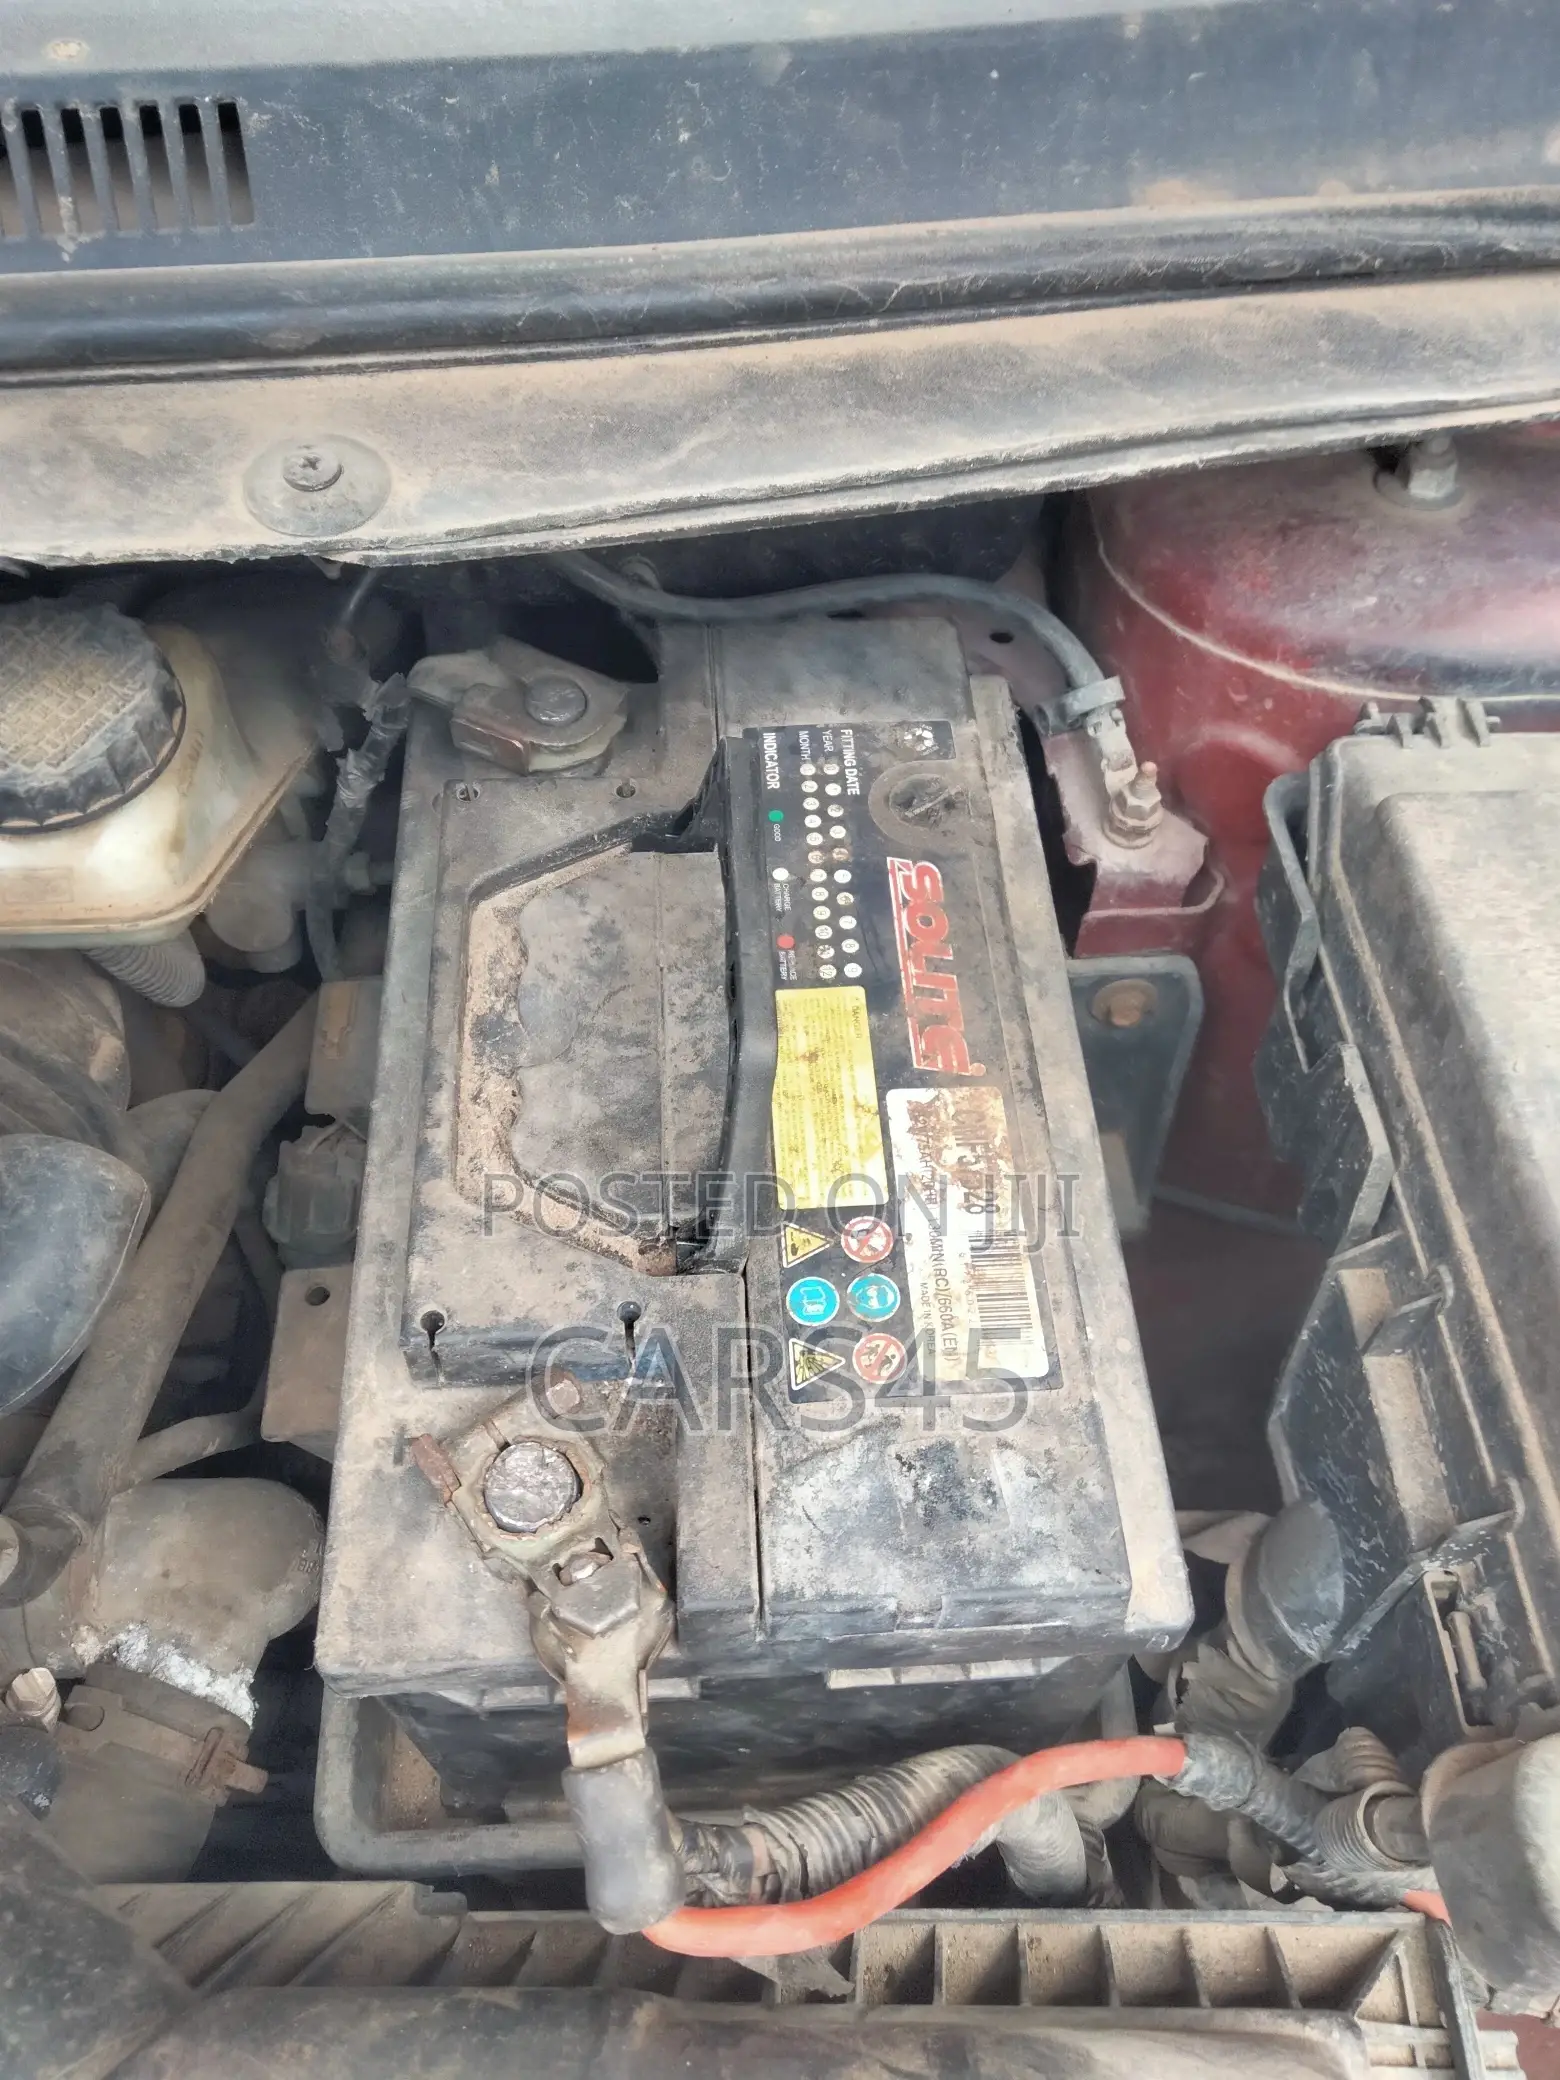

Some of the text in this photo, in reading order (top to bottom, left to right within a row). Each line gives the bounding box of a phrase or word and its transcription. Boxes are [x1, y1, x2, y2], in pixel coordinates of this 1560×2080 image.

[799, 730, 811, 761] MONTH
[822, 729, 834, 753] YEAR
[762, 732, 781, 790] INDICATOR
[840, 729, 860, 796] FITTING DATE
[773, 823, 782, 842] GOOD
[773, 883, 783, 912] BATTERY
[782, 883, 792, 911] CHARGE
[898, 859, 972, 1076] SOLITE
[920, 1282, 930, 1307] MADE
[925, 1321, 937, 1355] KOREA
■ ■ ■ ■ ■ ■ ■
- [Work item]:
Now reproduce all of the entries precisely, with no pictures in the copy.

- [Expected output]:
Some of the text in this photo, in reading order (top to bottom, left to right within a row). Each line gives the bounding box of a phrase or word and its transcription. Boxes are [x1, y1, x2, y2], in pixel coordinates of this 1560×2080 image.

[799, 730, 811, 761] MONTH
[822, 729, 834, 753] YEAR
[762, 732, 781, 790] INDICATOR
[840, 729, 860, 796] FITTING DATE
[773, 823, 782, 842] GOOD
[773, 883, 783, 912] BATTERY
[782, 883, 792, 911] CHARGE
[898, 859, 972, 1076] SOLITE
[920, 1282, 930, 1307] MADE
[925, 1321, 937, 1355] KOREA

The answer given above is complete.